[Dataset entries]
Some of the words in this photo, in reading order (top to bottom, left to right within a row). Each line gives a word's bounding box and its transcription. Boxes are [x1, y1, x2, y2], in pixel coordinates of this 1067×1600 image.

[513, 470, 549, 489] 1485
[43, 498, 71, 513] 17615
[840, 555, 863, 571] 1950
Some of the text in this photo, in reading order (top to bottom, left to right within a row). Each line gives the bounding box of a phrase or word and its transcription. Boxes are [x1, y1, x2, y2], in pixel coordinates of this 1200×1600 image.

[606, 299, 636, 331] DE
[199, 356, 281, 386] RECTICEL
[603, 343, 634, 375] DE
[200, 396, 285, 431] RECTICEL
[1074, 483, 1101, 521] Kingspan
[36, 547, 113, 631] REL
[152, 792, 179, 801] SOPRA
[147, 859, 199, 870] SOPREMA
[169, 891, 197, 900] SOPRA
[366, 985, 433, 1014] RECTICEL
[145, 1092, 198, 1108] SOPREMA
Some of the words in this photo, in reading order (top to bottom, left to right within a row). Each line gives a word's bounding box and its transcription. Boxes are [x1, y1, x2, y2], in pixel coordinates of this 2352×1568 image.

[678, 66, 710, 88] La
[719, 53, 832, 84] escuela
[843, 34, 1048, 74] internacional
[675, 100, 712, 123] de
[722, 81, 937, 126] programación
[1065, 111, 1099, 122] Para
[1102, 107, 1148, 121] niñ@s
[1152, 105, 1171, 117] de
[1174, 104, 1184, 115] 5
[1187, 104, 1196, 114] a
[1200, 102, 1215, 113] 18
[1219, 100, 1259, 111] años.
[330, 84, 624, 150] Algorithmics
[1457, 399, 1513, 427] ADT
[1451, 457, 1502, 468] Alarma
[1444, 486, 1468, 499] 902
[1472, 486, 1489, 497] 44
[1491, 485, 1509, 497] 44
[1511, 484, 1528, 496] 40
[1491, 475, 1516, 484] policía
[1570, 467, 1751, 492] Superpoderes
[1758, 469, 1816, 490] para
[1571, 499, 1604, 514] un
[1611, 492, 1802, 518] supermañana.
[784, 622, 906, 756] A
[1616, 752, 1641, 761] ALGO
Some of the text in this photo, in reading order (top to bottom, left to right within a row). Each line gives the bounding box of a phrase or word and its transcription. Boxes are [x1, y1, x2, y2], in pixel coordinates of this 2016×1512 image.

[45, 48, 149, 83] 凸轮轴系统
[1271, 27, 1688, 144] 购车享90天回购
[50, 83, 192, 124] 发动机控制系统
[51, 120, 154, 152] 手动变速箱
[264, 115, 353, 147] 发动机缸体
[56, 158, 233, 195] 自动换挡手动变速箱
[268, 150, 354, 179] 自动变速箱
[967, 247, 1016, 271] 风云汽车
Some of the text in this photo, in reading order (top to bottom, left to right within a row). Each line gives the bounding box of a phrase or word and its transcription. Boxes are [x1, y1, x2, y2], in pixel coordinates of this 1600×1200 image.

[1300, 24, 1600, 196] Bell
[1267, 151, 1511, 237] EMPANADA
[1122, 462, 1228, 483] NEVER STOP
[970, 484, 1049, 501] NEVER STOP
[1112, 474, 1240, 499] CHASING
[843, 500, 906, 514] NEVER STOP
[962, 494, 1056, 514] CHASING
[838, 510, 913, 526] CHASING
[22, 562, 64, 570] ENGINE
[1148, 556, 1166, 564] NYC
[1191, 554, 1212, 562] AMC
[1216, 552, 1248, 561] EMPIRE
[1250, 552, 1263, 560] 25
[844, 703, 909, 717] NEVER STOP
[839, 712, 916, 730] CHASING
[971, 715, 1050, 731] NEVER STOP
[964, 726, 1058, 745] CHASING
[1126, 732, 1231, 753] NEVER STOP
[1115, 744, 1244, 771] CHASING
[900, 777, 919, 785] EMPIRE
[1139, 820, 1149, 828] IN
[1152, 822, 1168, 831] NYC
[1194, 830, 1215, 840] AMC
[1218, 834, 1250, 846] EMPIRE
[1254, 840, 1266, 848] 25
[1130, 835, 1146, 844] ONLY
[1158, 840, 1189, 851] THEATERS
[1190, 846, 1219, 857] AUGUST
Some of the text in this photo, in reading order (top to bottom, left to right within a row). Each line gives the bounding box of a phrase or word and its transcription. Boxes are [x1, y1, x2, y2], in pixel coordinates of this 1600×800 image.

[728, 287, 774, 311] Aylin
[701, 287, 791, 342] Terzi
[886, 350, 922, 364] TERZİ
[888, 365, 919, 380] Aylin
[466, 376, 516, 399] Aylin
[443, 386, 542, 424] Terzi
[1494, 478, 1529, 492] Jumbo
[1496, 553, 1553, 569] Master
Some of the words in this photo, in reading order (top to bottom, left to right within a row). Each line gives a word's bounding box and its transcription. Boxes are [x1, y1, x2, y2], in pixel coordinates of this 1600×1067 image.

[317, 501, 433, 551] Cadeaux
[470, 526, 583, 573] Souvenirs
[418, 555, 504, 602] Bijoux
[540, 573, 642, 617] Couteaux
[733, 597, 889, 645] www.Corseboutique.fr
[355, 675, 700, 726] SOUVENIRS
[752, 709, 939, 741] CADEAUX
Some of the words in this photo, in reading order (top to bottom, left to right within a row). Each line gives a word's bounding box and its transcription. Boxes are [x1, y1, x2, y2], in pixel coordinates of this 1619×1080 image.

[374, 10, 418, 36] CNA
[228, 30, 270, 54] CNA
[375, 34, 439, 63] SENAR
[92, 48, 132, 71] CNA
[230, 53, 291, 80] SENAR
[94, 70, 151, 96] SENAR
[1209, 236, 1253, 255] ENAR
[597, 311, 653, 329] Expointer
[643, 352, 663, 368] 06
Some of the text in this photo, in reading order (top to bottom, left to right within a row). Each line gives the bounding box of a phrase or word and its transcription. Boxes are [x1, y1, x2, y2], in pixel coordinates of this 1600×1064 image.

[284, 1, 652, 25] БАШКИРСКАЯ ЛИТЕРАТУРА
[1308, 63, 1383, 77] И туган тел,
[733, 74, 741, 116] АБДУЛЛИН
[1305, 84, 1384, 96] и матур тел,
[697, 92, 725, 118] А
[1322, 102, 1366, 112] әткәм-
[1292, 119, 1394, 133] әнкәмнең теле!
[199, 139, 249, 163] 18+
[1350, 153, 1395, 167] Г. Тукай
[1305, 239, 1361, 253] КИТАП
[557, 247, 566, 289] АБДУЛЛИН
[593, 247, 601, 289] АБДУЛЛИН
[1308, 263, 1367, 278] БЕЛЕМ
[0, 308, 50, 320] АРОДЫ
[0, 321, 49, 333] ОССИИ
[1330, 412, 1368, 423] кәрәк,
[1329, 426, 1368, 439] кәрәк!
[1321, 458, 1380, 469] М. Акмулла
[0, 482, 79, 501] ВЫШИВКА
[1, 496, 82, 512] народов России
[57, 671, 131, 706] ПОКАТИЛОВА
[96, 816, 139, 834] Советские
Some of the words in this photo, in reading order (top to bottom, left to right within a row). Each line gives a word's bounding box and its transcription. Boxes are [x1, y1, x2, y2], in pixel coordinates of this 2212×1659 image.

[REQUIREMENT]:
Restating all of the data exactly is the whole task.

[RESULT BELOW]:
Some of the words in this photo, in reading order (top to bottom, left to right within a row). Each line gives a word's bounding box and its transcription. Boxes are [x1, y1, x2, y2], in pixel coordinates of this 1067×1600 image.

[513, 470, 549, 489] 1485
[43, 498, 71, 513] 17615
[840, 555, 863, 571] 1950
Some of the text in this photo, in reading order (top to bottom, left to right within a row). Each line gives the bounding box of a phrase or word and its transcription. Boxes are [x1, y1, x2, y2], in pixel coordinates of this 1200×1600 image.

[606, 299, 636, 331] DE
[199, 356, 281, 386] RECTICEL
[603, 343, 634, 375] DE
[200, 396, 285, 431] RECTICEL
[1074, 483, 1101, 521] Kingspan
[36, 547, 113, 631] REL
[152, 792, 179, 801] SOPRA
[147, 859, 199, 870] SOPREMA
[169, 891, 197, 900] SOPRA
[366, 985, 433, 1014] RECTICEL
[145, 1092, 198, 1108] SOPREMA
Some of the words in this photo, in reading order (top to bottom, left to right within a row). Each line gives a word's bounding box and its transcription. Boxes are [x1, y1, x2, y2], in pixel coordinates of this 2352×1568 image.

[678, 66, 710, 88] La
[719, 53, 832, 84] escuela
[843, 34, 1048, 74] internacional
[675, 100, 712, 123] de
[722, 81, 937, 126] programación
[1065, 111, 1099, 122] Para
[1102, 107, 1148, 121] niñ@s
[1152, 105, 1171, 117] de
[1174, 104, 1184, 115] 5
[1187, 104, 1196, 114] a
[1200, 102, 1215, 113] 18
[1219, 100, 1259, 111] años.
[330, 84, 624, 150] Algorithmics
[1457, 399, 1513, 427] ADT
[1451, 457, 1502, 468] Alarma
[1444, 486, 1468, 499] 902
[1472, 486, 1489, 497] 44
[1491, 485, 1509, 497] 44
[1511, 484, 1528, 496] 40
[1491, 475, 1516, 484] policía
[1570, 467, 1751, 492] Superpoderes
[1758, 469, 1816, 490] para
[1571, 499, 1604, 514] un
[1611, 492, 1802, 518] supermañana.
[784, 622, 906, 756] A
[1616, 752, 1641, 761] ALGO
Some of the text in this photo, in reading order (top to bottom, left to right within a row). Each line gives the bounding box of a phrase or word and its transcription. Boxes are [x1, y1, x2, y2], in pixel coordinates of this 2016×1512 image.

[45, 48, 149, 83] 凸轮轴系统
[1271, 27, 1688, 144] 购车享90天回购
[50, 83, 192, 124] 发动机控制系统
[51, 120, 154, 152] 手动变速箱
[264, 115, 353, 147] 发动机缸体
[56, 158, 233, 195] 自动换挡手动变速箱
[268, 150, 354, 179] 自动变速箱
[967, 247, 1016, 271] 风云汽车
Some of the text in this photo, in reading order (top to bottom, left to right within a row). Each line gives the bounding box of a phrase or word and its transcription. Boxes are [x1, y1, x2, y2], in pixel coordinates of this 1600×1200 image.

[1300, 24, 1600, 196] Bell
[1267, 151, 1511, 237] EMPANADA
[1122, 462, 1228, 483] NEVER STOP
[970, 484, 1049, 501] NEVER STOP
[1112, 474, 1240, 499] CHASING
[843, 500, 906, 514] NEVER STOP
[962, 494, 1056, 514] CHASING
[838, 510, 913, 526] CHASING
[22, 562, 64, 570] ENGINE
[1148, 556, 1166, 564] NYC
[1191, 554, 1212, 562] AMC
[1216, 552, 1248, 561] EMPIRE
[1250, 552, 1263, 560] 25
[844, 703, 909, 717] NEVER STOP
[839, 712, 916, 730] CHASING
[971, 715, 1050, 731] NEVER STOP
[964, 726, 1058, 745] CHASING
[1126, 732, 1231, 753] NEVER STOP
[1115, 744, 1244, 771] CHASING
[900, 777, 919, 785] EMPIRE
[1139, 820, 1149, 828] IN
[1152, 822, 1168, 831] NYC
[1194, 830, 1215, 840] AMC
[1218, 834, 1250, 846] EMPIRE
[1254, 840, 1266, 848] 25
[1130, 835, 1146, 844] ONLY
[1158, 840, 1189, 851] THEATERS
[1190, 846, 1219, 857] AUGUST
Some of the text in this photo, in reading order (top to bottom, left to right within a row). Each line gives the bounding box of a phrase or word and its transcription. Boxes are [x1, y1, x2, y2], in pixel coordinates of this 1600×800 image.

[728, 287, 774, 311] Aylin
[701, 287, 791, 342] Terzi
[886, 350, 922, 364] TERZİ
[888, 365, 919, 380] Aylin
[466, 376, 516, 399] Aylin
[443, 386, 542, 424] Terzi
[1494, 478, 1529, 492] Jumbo
[1496, 553, 1553, 569] Master
Some of the words in this photo, in reading order (top to bottom, left to right within a row). Each line gives a word's bounding box and its transcription. Boxes are [x1, y1, x2, y2], in pixel coordinates of this 1600×1067 image.

[317, 501, 433, 551] Cadeaux
[470, 526, 583, 573] Souvenirs
[418, 555, 504, 602] Bijoux
[540, 573, 642, 617] Couteaux
[733, 597, 889, 645] www.Corseboutique.fr
[355, 675, 700, 726] SOUVENIRS
[752, 709, 939, 741] CADEAUX
Some of the words in this photo, in reading order (top to bottom, left to right within a row). Each line gives a word's bounding box and its transcription. Boxes are [x1, y1, x2, y2], in pixel coordinates of this 1619×1080 image.

[374, 10, 418, 36] CNA
[228, 30, 270, 54] CNA
[375, 34, 439, 63] SENAR
[92, 48, 132, 71] CNA
[230, 53, 291, 80] SENAR
[94, 70, 151, 96] SENAR
[1209, 236, 1253, 255] ENAR
[597, 311, 653, 329] Expointer
[643, 352, 663, 368] 06
Some of the text in this photo, in reading order (top to bottom, left to right within a row). Each line gives the bounding box of a phrase or word and its transcription. Boxes are [x1, y1, x2, y2], in pixel coordinates of this 1600×1064 image.

[284, 1, 652, 25] БАШКИРСКАЯ ЛИТЕРАТУРА
[1308, 63, 1383, 77] И туган тел,
[733, 74, 741, 116] АБДУЛЛИН
[1305, 84, 1384, 96] и матур тел,
[697, 92, 725, 118] А
[1322, 102, 1366, 112] әткәм-
[1292, 119, 1394, 133] әнкәмнең теле!
[199, 139, 249, 163] 18+
[1350, 153, 1395, 167] Г. Тукай
[1305, 239, 1361, 253] КИТАП
[557, 247, 566, 289] АБДУЛЛИН
[593, 247, 601, 289] АБДУЛЛИН
[1308, 263, 1367, 278] БЕЛЕМ
[0, 308, 50, 320] АРОДЫ
[0, 321, 49, 333] ОССИИ
[1330, 412, 1368, 423] кәрәк,
[1329, 426, 1368, 439] кәрәк!
[1321, 458, 1380, 469] М. Акмулла
[0, 482, 79, 501] ВЫШИВКА
[1, 496, 82, 512] народов России
[57, 671, 131, 706] ПОКАТИЛОВА
[96, 816, 139, 834] Советские
Some of the words in this photo, in reading order (top to bottom, left to right within a row). Each line gives a word's bounding box and its transcription. Boxes are [x1, y1, x2, y2], in pixel coordinates of this 2212×1659 image.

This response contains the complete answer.